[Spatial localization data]
● ● ● ●
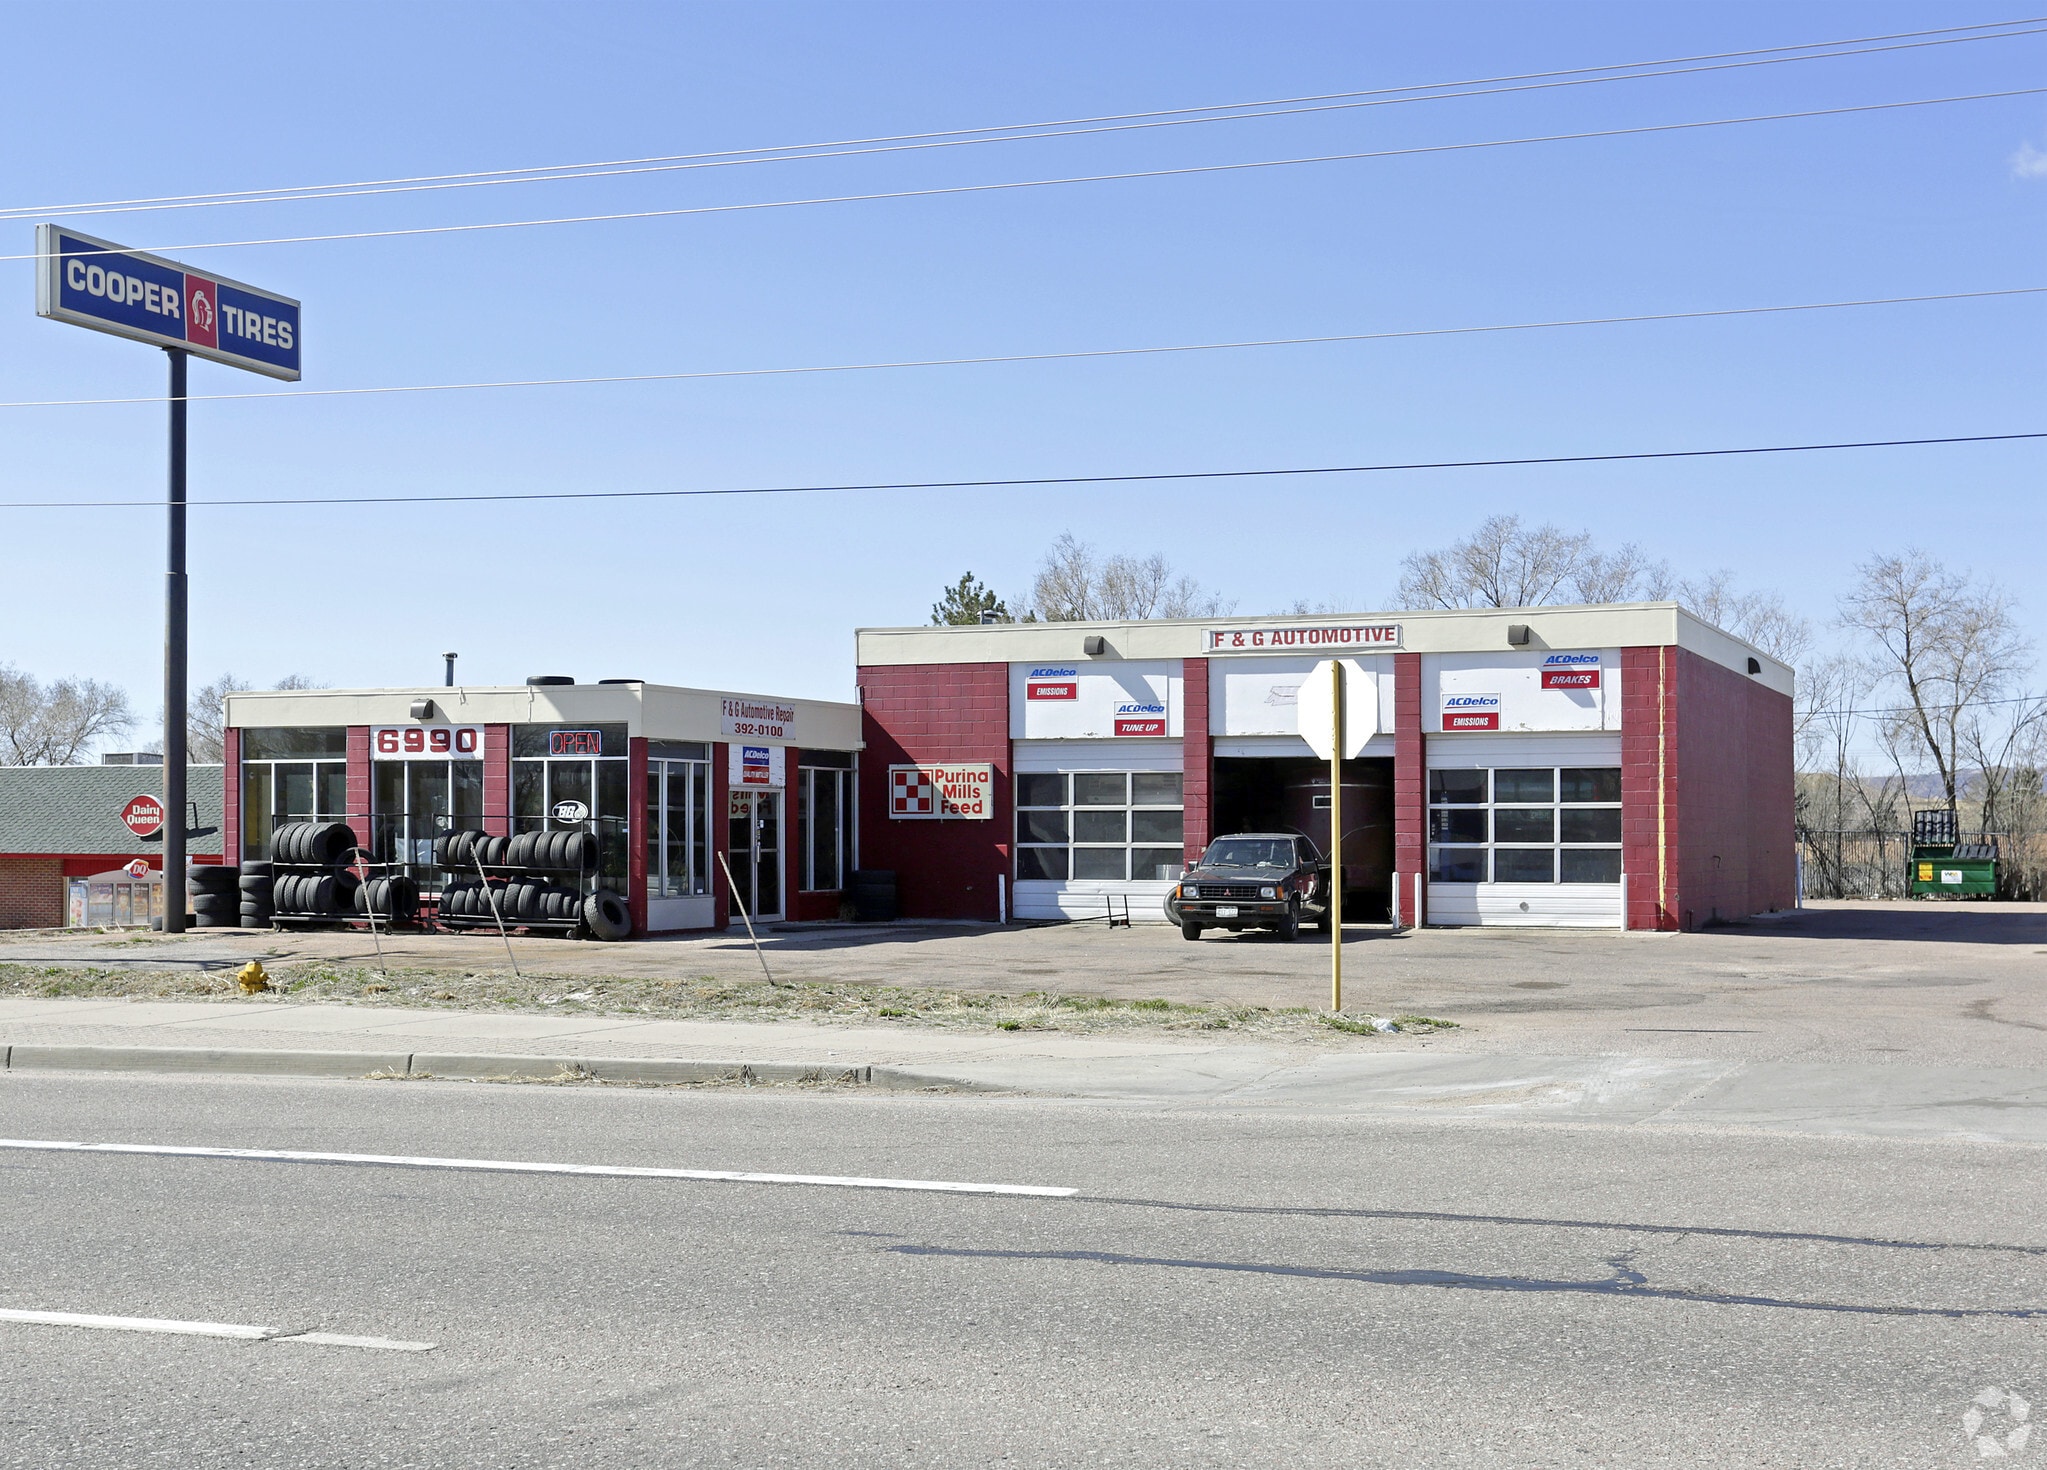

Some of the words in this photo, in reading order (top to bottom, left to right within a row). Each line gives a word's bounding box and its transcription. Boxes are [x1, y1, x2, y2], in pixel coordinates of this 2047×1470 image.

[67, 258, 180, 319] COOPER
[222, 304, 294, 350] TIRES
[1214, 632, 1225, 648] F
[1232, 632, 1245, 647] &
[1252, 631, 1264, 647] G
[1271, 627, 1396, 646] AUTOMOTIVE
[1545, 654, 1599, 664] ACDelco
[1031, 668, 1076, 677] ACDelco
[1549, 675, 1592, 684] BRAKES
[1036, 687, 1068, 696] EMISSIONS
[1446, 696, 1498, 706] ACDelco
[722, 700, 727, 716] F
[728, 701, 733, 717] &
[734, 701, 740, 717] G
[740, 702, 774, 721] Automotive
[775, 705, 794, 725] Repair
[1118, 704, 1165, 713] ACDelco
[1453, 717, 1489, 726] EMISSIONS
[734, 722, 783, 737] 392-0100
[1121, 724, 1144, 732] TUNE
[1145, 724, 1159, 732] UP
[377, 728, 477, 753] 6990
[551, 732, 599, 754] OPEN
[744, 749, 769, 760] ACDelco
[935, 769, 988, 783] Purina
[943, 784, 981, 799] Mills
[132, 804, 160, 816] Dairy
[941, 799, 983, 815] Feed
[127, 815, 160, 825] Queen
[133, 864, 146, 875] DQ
● ● ● ●
▶ **EXERCISE GOAL**
Quote the entries above word for word. Leave the images out.

▶ **YOUR SOLUTION**
Some of the words in this photo, in reading order (top to bottom, left to right within a row). Each line gives a word's bounding box and its transcription. Boxes are [x1, y1, x2, y2], in pixel coordinates of this 2047×1470 image.

[67, 258, 180, 319] COOPER
[222, 304, 294, 350] TIRES
[1214, 632, 1225, 648] F
[1232, 632, 1245, 647] &
[1252, 631, 1264, 647] G
[1271, 627, 1396, 646] AUTOMOTIVE
[1545, 654, 1599, 664] ACDelco
[1031, 668, 1076, 677] ACDelco
[1549, 675, 1592, 684] BRAKES
[1036, 687, 1068, 696] EMISSIONS
[1446, 696, 1498, 706] ACDelco
[722, 700, 727, 716] F
[728, 701, 733, 717] &
[734, 701, 740, 717] G
[740, 702, 774, 721] Automotive
[775, 705, 794, 725] Repair
[1118, 704, 1165, 713] ACDelco
[1453, 717, 1489, 726] EMISSIONS
[734, 722, 783, 737] 392-0100
[1121, 724, 1144, 732] TUNE
[1145, 724, 1159, 732] UP
[377, 728, 477, 753] 6990
[551, 732, 599, 754] OPEN
[744, 749, 769, 760] ACDelco
[935, 769, 988, 783] Purina
[943, 784, 981, 799] Mills
[132, 804, 160, 816] Dairy
[941, 799, 983, 815] Feed
[127, 815, 160, 825] Queen
[133, 864, 146, 875] DQ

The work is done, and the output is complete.